O Supremo Tribunal consultará o Tribunal de Justiça Europeu se a regulamentação em massa violar as regras da UE

Ele Suprema Corte propôs às comunidades autónomas que o recurso extraordinário de regularização de imigrantes, promovido pelo Governo de Pedro Sánchezsobre as propriedades da formulação de uma questão preliminar ao Tribunal de Justiça da União Europeia (TJUE) diante da “dúvida” de “se pudesse colidir» com as regulamentações do direito comunitário.

Por meio de dois acórdãos, a Câmara Contenu-Verwaltung dá às partes um prazo de cinco dias para se pronunciarem a conselho de VINTEde acordo com o apelo do Comunidade valenciana sim Aragão contra vários aspectos do decreto real de 14 de abril sobre a regularização de imigrantes.

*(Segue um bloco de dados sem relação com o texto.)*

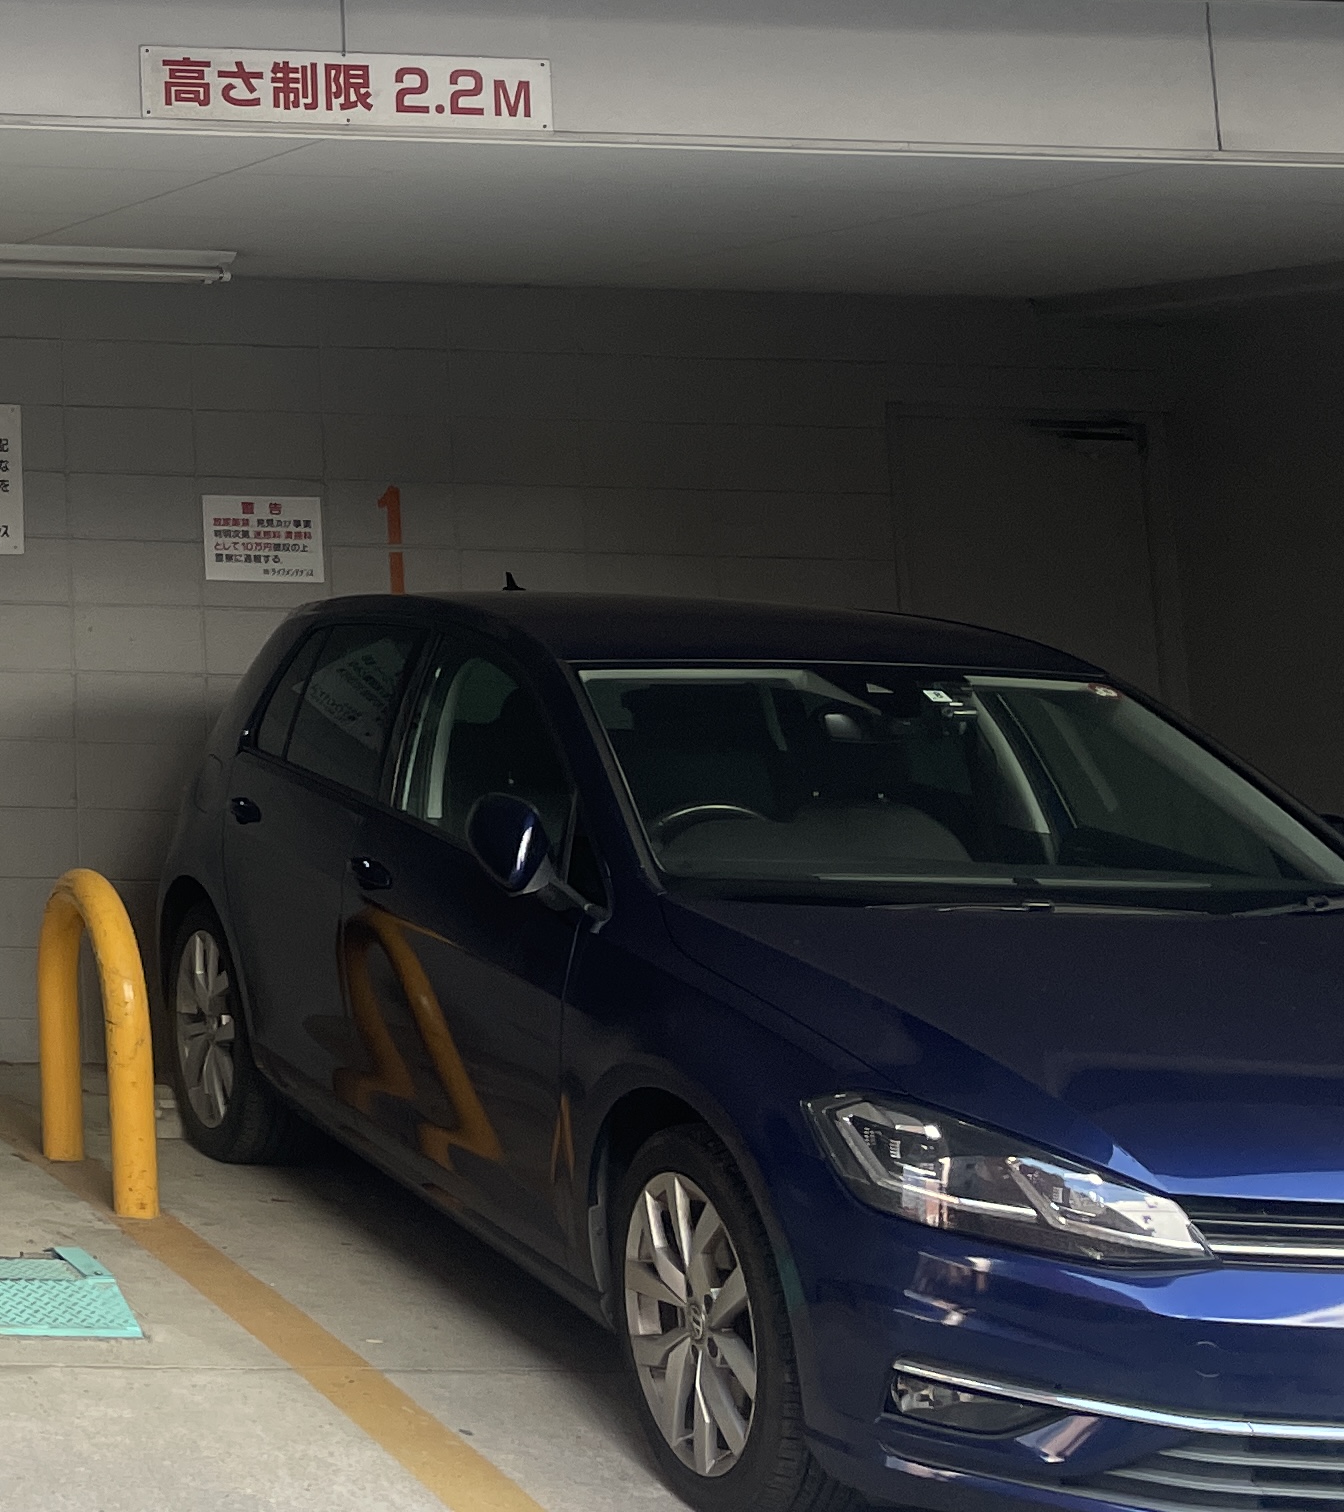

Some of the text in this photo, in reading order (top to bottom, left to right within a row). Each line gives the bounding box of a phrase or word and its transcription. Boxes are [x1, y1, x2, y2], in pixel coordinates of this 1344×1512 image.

Ele Suprema Cortenestas resoluções, informa as partes para que possam manifestar-se sobre a atualidade no prazo de cinco dias, antes de o TJUE “formular uma questão preliminar de interpretação em relação a um conjunto de pontos do decreto real que, se aplicável, poderia Conflito com a legislação da UE». Estas sentenças foram proferidas pelo tribunal antes de questionar sobre as medidas cautelares das comunidades autónomas indicadas.

O Supremo Tribunal solicita a opinião das partes sobre o Compatibilidade com a chamada Convenção de Schengena regulamentação europeia sobre esta matéria e o tratado da UE “de uma medida adoptada por um estado membro através de uma norma regulamentar de estatuto infralegal no quadro de uma regulamentação massiva e sem coordenação prévia a este respeito com os outros estados membros”.

O Supremo Tribunal explicou que, com base no decreto real, “o cidadão de um país terceiro que seja beneficiário da primeira autorização de residência temporária de um ano tem o direito de circular livremente no espaço Schengen durante noventa dias em períodos de cento e oitenta. Além disso, recorde-se que a UE aprovou o Pacto de Migração e Asilo em 2024, através do qual os Estados-membros assumiram novas obrigações, que se reflectiram em regras que estabelecem um procedimento comum em matéria de protecção internacional na União.

Além disso, acrescenta que o decreto real aprovado pelo governo de Espanha “inclui um processo que representa um caso de regularização regulatória da autorização de residência do Mestre para estrangeiros em situação irregular em Espanha.

“Então não é um reconhecimento individual da licença, mas sim um regime geral a nível regulamentar para todos os cidadãos de países terceiros que se encontrem em situação irregular em Espanha e devem cumprir determinadas condições”, acrescenta o Supremo Tribunal, mas alerta que “o regime de regularização estabelecido no Real Decreto levanta a questão de saber se pode entrar em conflito com as regras de implementação do Pacto de Migração e Asilo da UE”.